ATI RN
ATI Pharmacology Proctored Exam 2024
1. When teaching a client with a new prescription for Lisinopril, which instruction should the nurse include?
- A. Take the medication with food.
- B. Expect a persistent, dry cough.
- C. Increase your intake of potassium-rich foods.
- D. Take the medication at bedtime.
Correct answer: B
Rationale: The correct answer is B: 'Expect a persistent, dry cough.' Lisinopril, an ACE inhibitor, commonly causes a persistent, dry cough as a side effect. This should be reported to the healthcare provider if it becomes bothersome. It is essential for the nurse to educate the client about this potential side effect so the client is aware and can seek appropriate guidance if needed. Choices A, C, and D are incorrect. Taking Lisinopril with food is not required. Increasing potassium-rich foods is not a specific instruction for Lisinopril, and taking the medication at bedtime is not a typical recommendation associated with this medication.
2. A healthcare professional is preparing to administer Butorphanol to a client who has a history of substance use disorder. The healthcare professional should identify which of the following information as true regarding Butorphanol?
- A. Butorphanol has a lower risk of abuse than morphine.
- B. Butorphanol causes a lower incidence of respiratory depression than morphine.
- C. Butorphanol can be reversed with an opioid antagonist.
- D. Butorphanol can cause abstinence syndrome in opioid-dependent clients.
Correct answer: D
Rationale: The correct answer is D. Butorphanol is an opioid agonist/antagonist that can precipitate withdrawal symptoms in opioid-dependent individuals. Symptoms of abstinence syndrome can include abdominal pain, fever, and anxiety. This occurs because butorphanol competes with and displaces opioid agonists from receptors, leading to withdrawal symptoms in opioid-dependent clients. Choices A, B, and C are incorrect. Butorphanol does not have a lower risk of abuse than morphine, it can cause respiratory depression similar to other opioids, and although it is an opioid antagonist, it does not get reversed by opioid antagonists.

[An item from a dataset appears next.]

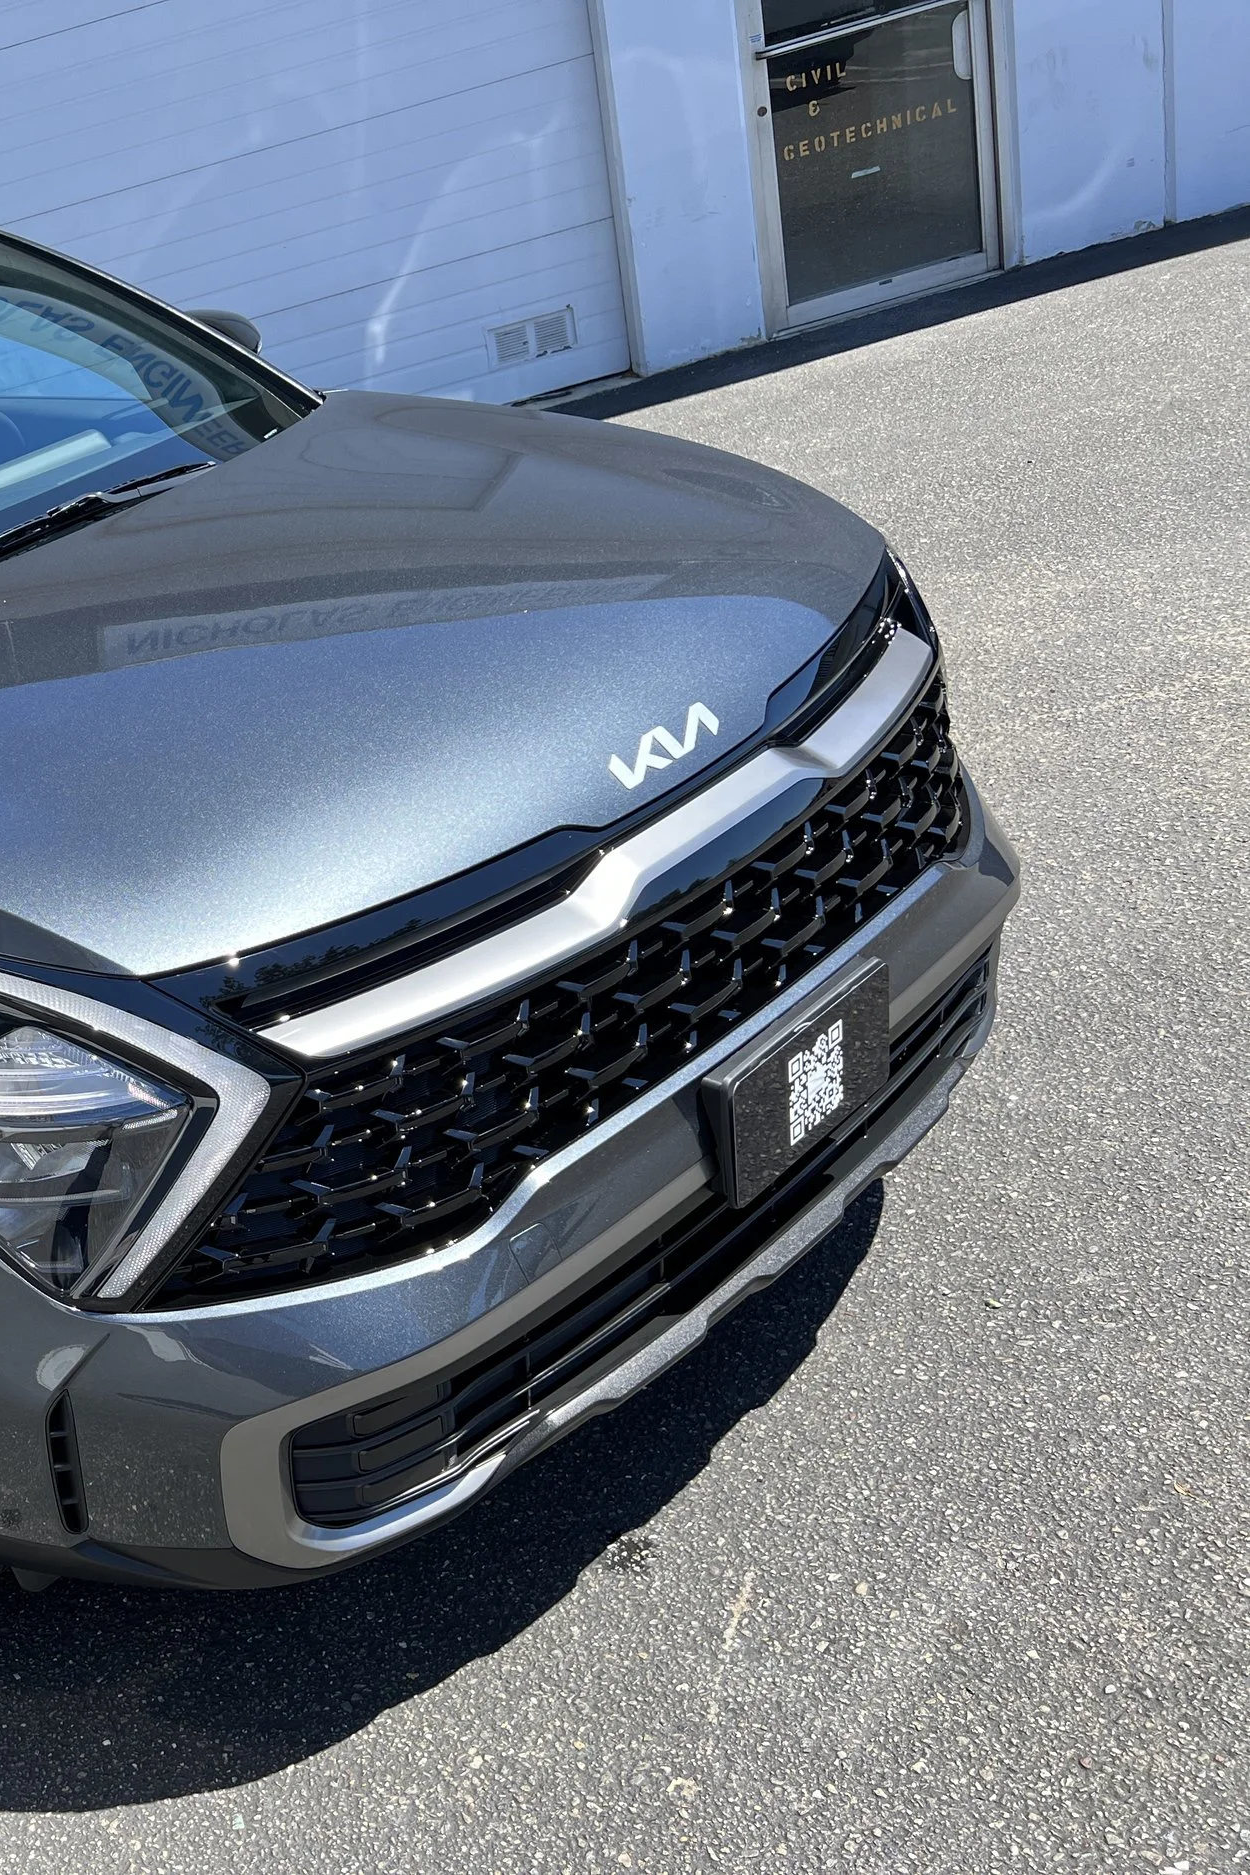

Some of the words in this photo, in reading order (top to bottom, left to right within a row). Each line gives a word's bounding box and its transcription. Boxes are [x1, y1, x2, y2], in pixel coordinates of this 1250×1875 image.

3. A healthcare professional is preparing to administer a transfusion of 300 mL of pooled platelets for a client with severe Thrombocytopenia. How should the healthcare professional plan to administer the transfusion over which of the following time frames?

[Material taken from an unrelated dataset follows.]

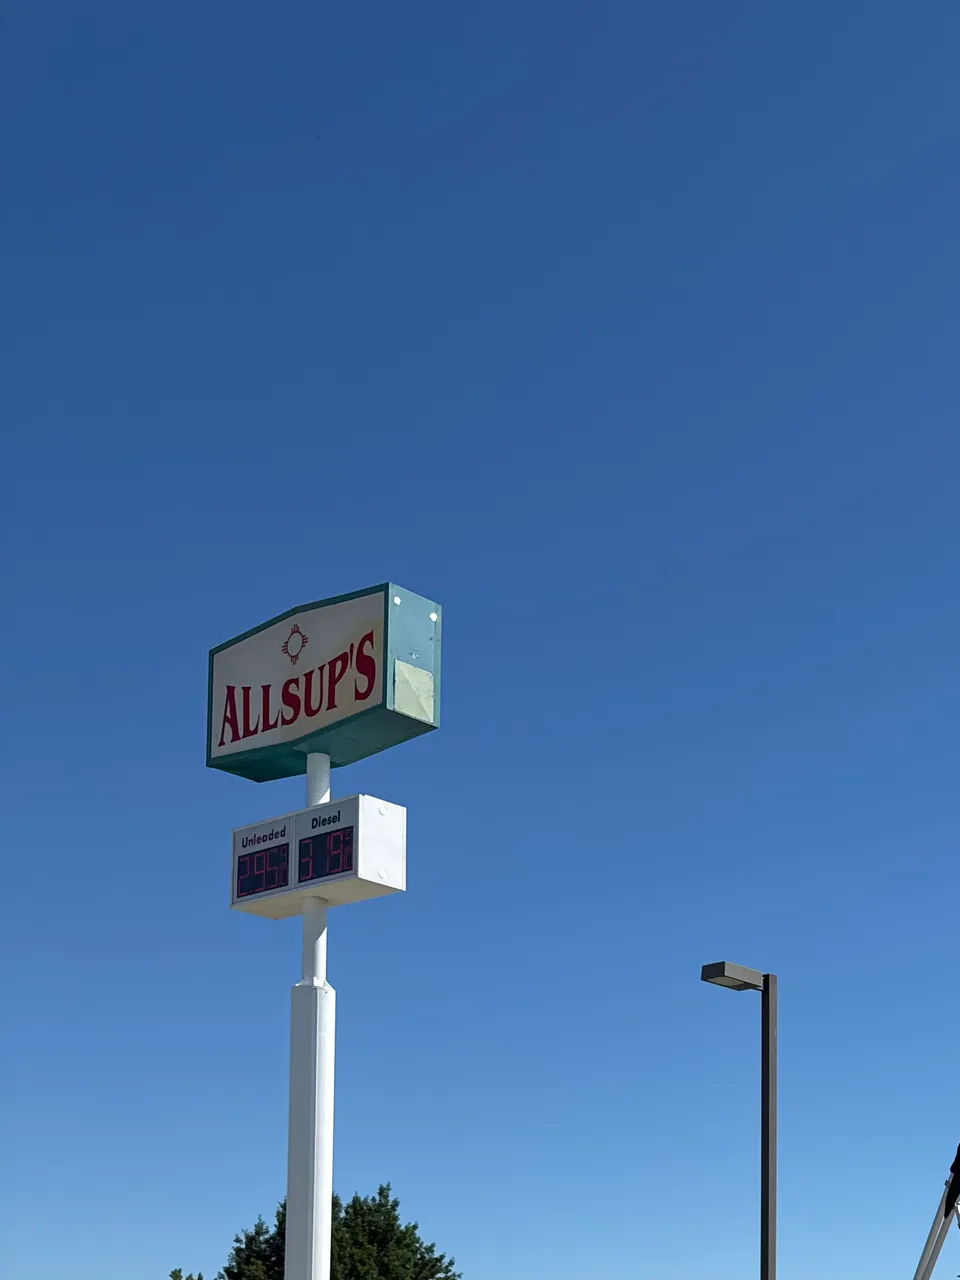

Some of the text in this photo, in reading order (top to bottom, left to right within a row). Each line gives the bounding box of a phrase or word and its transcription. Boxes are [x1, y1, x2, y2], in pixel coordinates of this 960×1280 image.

[218, 629, 377, 748] ALLSUP'S
[311, 810, 341, 829] Diesel
[242, 825, 286, 848] Unleaded

- A. Within 30 minutes/unit
- B. Within 60 minutes/unit
- C. Within 2 hours/unit
- D. Within 4 hours/unit
Correct answer: A
Rationale: Platelets are fragile components that must be administered promptly to minimize the risk of clumping. The correct administration time for platelets is within 15 to 30 minutes per unit to maintain their therapeutic effectiveness and reduce adverse effects. Administering platelets over longer time frames can lead to decreased efficacy and potential harm to the patient. Therefore, the correct answer is to administer the 300 mL of pooled platelets within 30 minutes per unit.
4. When starting therapy with bicalutamide, a client should be instructed to monitor for which of the following adverse effects?
- A. Muscle pain
- B. Flushing
- C. Gynecomastia
- D. Hyperglycemia
Correct answer: C
Rationale: The correct answer is C: Gynecomastia. Bicalutamide, due to its antiandrogenic properties, can lead to gynecomastia in clients. This condition involves the development of breast tissue in males and is an important adverse effect to monitor when taking this medication. Choices A, B, and D are incorrect. Muscle pain and flushing are not commonly associated with bicalutamide use. Hyperglycemia is not a typical adverse effect of bicalutamide therapy.
5. A client with increased intracranial pressure is receiving Mannitol. Which finding should the nurse report to the provider?
- A. Blood glucose 150 mg/dL
- B. Urine output 40 mL/hr
- C. Dyspnea
- D. Bilateral equal pupil size
Correct answer: C
Rationale: The correct answer is C: Dyspnea. Dyspnea is a concerning finding in a client receiving Mannitol as it can be a manifestation of heart failure, which is an adverse effect of the medication. The nurse should promptly notify the provider, discontinue the Mannitol, and initiate appropriate interventions to address the dyspnea and monitor the client's condition closely. Choice A, Blood glucose of 150 mg/dL, is within normal limits and not directly related to Mannitol administration. Choice B, Urine output of 40 mL/hr, could indicate decreased renal perfusion, but it is not the most critical finding compared to dyspnea. Choice D, Bilateral equal pupil size, is a normal neurological finding and not directly related to Mannitol therapy.